**AIM OF THE EXERCISE**
Please give back all the records exactly, but keep the pictures out.

[Image-backed grounding data]

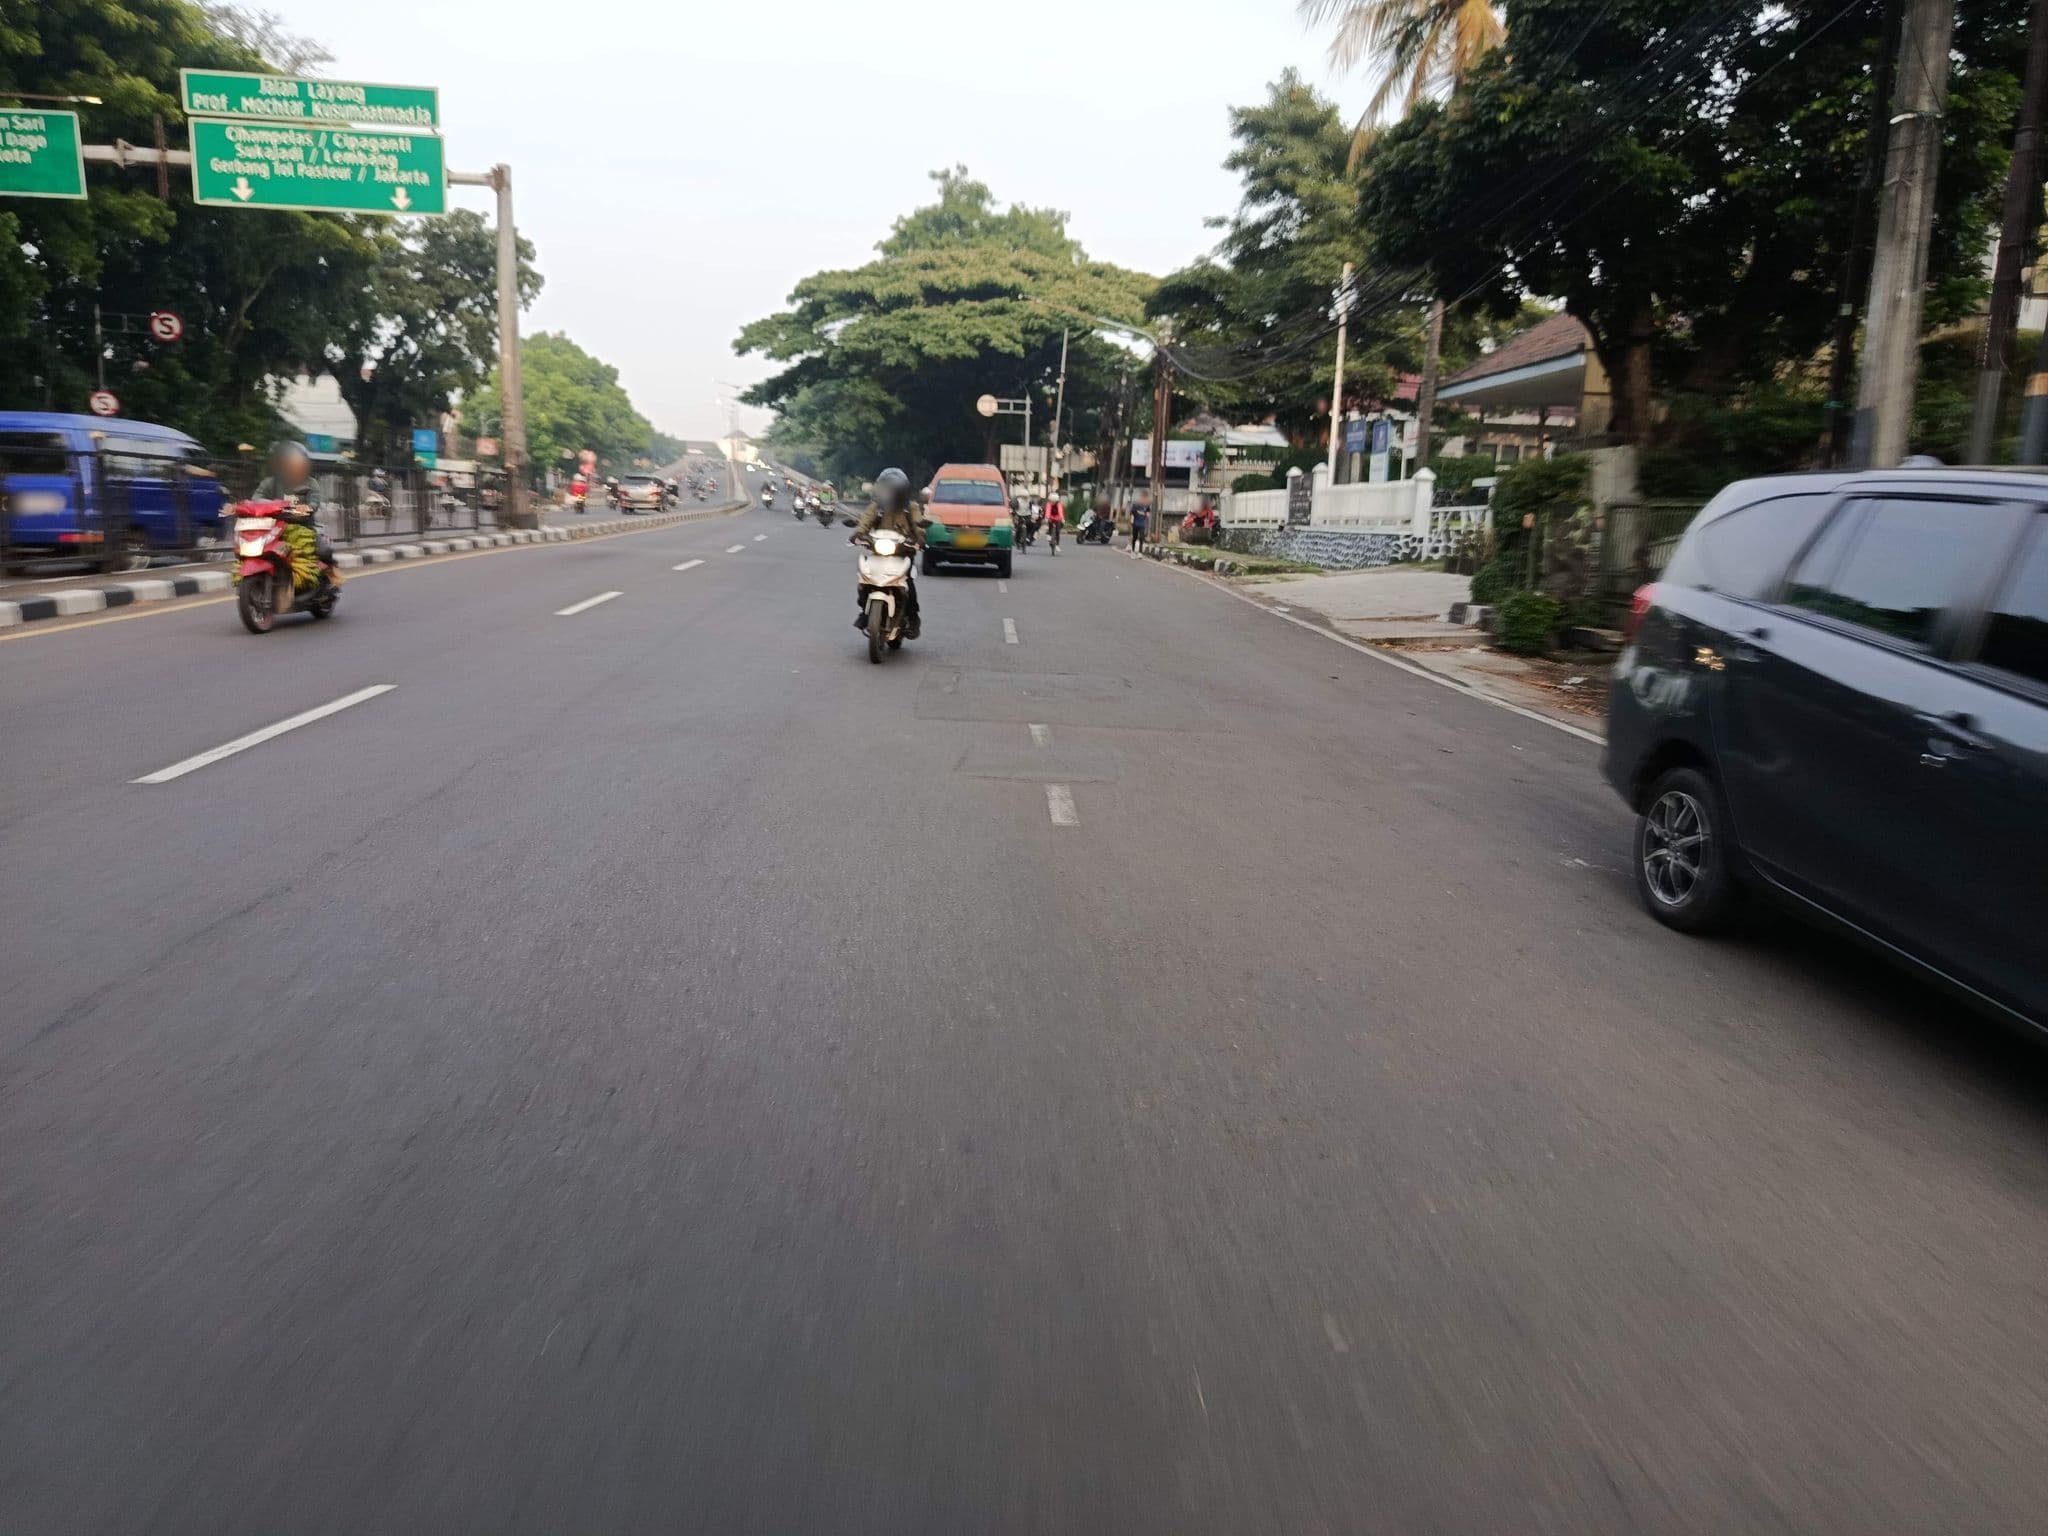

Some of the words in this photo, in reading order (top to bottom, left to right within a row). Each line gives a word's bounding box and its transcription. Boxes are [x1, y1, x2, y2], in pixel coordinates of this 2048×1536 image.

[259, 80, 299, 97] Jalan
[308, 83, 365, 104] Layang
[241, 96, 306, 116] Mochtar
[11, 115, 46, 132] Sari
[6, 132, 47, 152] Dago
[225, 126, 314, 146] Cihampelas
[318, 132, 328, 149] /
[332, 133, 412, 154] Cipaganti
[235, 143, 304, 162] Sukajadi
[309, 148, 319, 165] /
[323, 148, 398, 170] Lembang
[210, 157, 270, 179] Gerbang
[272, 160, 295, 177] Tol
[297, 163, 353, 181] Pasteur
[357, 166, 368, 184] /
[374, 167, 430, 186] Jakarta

**FINAL ANSWER**
Some of the words in this photo, in reading order (top to bottom, left to right within a row). Each line gives a word's bounding box and its transcription. Boxes are [x1, y1, x2, y2], in pixel coordinates of this 2048×1536 image.

[259, 80, 299, 97] Jalan
[308, 83, 365, 104] Layang
[241, 96, 306, 116] Mochtar
[11, 115, 46, 132] Sari
[6, 132, 47, 152] Dago
[225, 126, 314, 146] Cihampelas
[318, 132, 328, 149] /
[332, 133, 412, 154] Cipaganti
[235, 143, 304, 162] Sukajadi
[309, 148, 319, 165] /
[323, 148, 398, 170] Lembang
[210, 157, 270, 179] Gerbang
[272, 160, 295, 177] Tol
[297, 163, 353, 181] Pasteur
[357, 166, 368, 184] /
[374, 167, 430, 186] Jakarta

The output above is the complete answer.